Hi, I’m tyring to mimic the nn.conv2d unit test in test_pass_alter_op_layout.py to try on nn.dense input as below. The test basically insert a 2.0 scaling factor at an input to the OP (either nn.conv2d, or nn.dense). The only difference is the OP.

def test_alter_dense():
    def before():
        x = relay.var("x", shape=(1, 6, 6, 64))
        weight = relay.var("weight", shape=(32, 64))
        y = relay.nn.dense(
            x,
            weight
        )
        y = relay.nn.relu(y)
        y = relay.Function([x, weight], y)
        return y

    def alter_dense(attrs, inputs, tinfos, out_type):
        data, weight = inputs
        weight = relay.multiply(weight, relay.const(2.0, "float32"))
        return relay.nn.dense(data, weight, **attrs)

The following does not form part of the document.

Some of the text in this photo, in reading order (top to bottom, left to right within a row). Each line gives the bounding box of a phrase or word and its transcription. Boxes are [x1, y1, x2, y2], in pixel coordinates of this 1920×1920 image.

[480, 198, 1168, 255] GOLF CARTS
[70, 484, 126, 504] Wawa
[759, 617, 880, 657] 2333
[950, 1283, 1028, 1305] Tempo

    with TempOpAttr("nn.dense", "FTVMAlterOpLayout", alter_dense):
        a = before()
        print(a)
        a = run_opt_pass(a, transform.AlterOpLayout())
        print(a)
        print('\n')

def test_alter_op():
    """Test directly replacing an operator with a new one"""

    def before():
        x = relay.var("x", shape=(1, 64, 56, 56))
        weight = relay.var("weight", shape=(64, 64, 3, 3))
        y = relay.nn.conv2d(x, weight, channels=64, kernel_size=(3, 3), padding=(1, 1))
        y = relay.nn.relu(y)
        y = relay.Function([x, weight], y)
        return y

    def alter_conv2d(attrs, inputs, tinfos, out_type):
        data, weight = inputs
        weight = relay.multiply(weight, relay.const(2.0, "float32"))
        return relay.nn.conv2d(data, weight, **attrs)

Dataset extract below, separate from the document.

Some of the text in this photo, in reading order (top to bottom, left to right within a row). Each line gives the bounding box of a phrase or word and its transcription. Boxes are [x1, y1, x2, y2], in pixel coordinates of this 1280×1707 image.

    with TempOpAttr("nn.conv2d", "FTVMAlterOpLayout", alter_conv2d):
        a = before()
        print(a)
        a = run_opt_pass(a, transform.AlterOpLayout())
        print(a)
        print('\n')

Output looks like this:

fn (%x: Tensor[(1, 64, 56, 56), float32], %weight: Tensor[(64, 64, 3, 3), float32]) {
  %0 = nn.conv2d(%x, %weight, padding=[1, 1, 1, 1], channels=64, kernel_size=[3, 3]);
  nn.relu(%0)
}
fn (%x: Tensor[(1, 64, 56, 56), float32], %weight: Tensor[(64, 64, 3, 3), float32]) -> Tensor[(1, 64, 56, 56), float32] {
  %0 = multiply(%weight, 2f /* ty=float32 */) /* ty=Tensor[(64, 64, 3, 3), float32] */;
  %1 = nn.conv2d(%x, %0, padding=[1, 1, 1, 1], channels=64, kernel_size=[3, 3]) /* ty=Tensor[(1, 64, 56, 56), float32] */;
  nn.relu(%1) /* ty=Tensor[(1, 64, 56, 56), float32] */
}


fn (%x: Tensor[(1, 6, 6, 64), float32], %weight: Tensor[(32, 64), float32]) {
  %0 = nn.dense(%x, %weight, units=None);
  nn.relu(%0)
}
fn (%x: Tensor[(1, 6, 6, 64), float32], %weight: Tensor[(32, 64), float32]) -> Tensor[(1, 6, 6, 32), float32] {
  %0 = nn.dense(%x, %weight, units=None) /* ty=Tensor[(1, 6, 6, 32), float32] */;
  nn.relu(%0) /* ty=Tensor[(1, 6, 6, 32), float32] */
}

To my surprise, the conv2d ran well but dense doesn’t change at all. Can anyone help explain? @comaniac , maybe you have an insight here? Thank.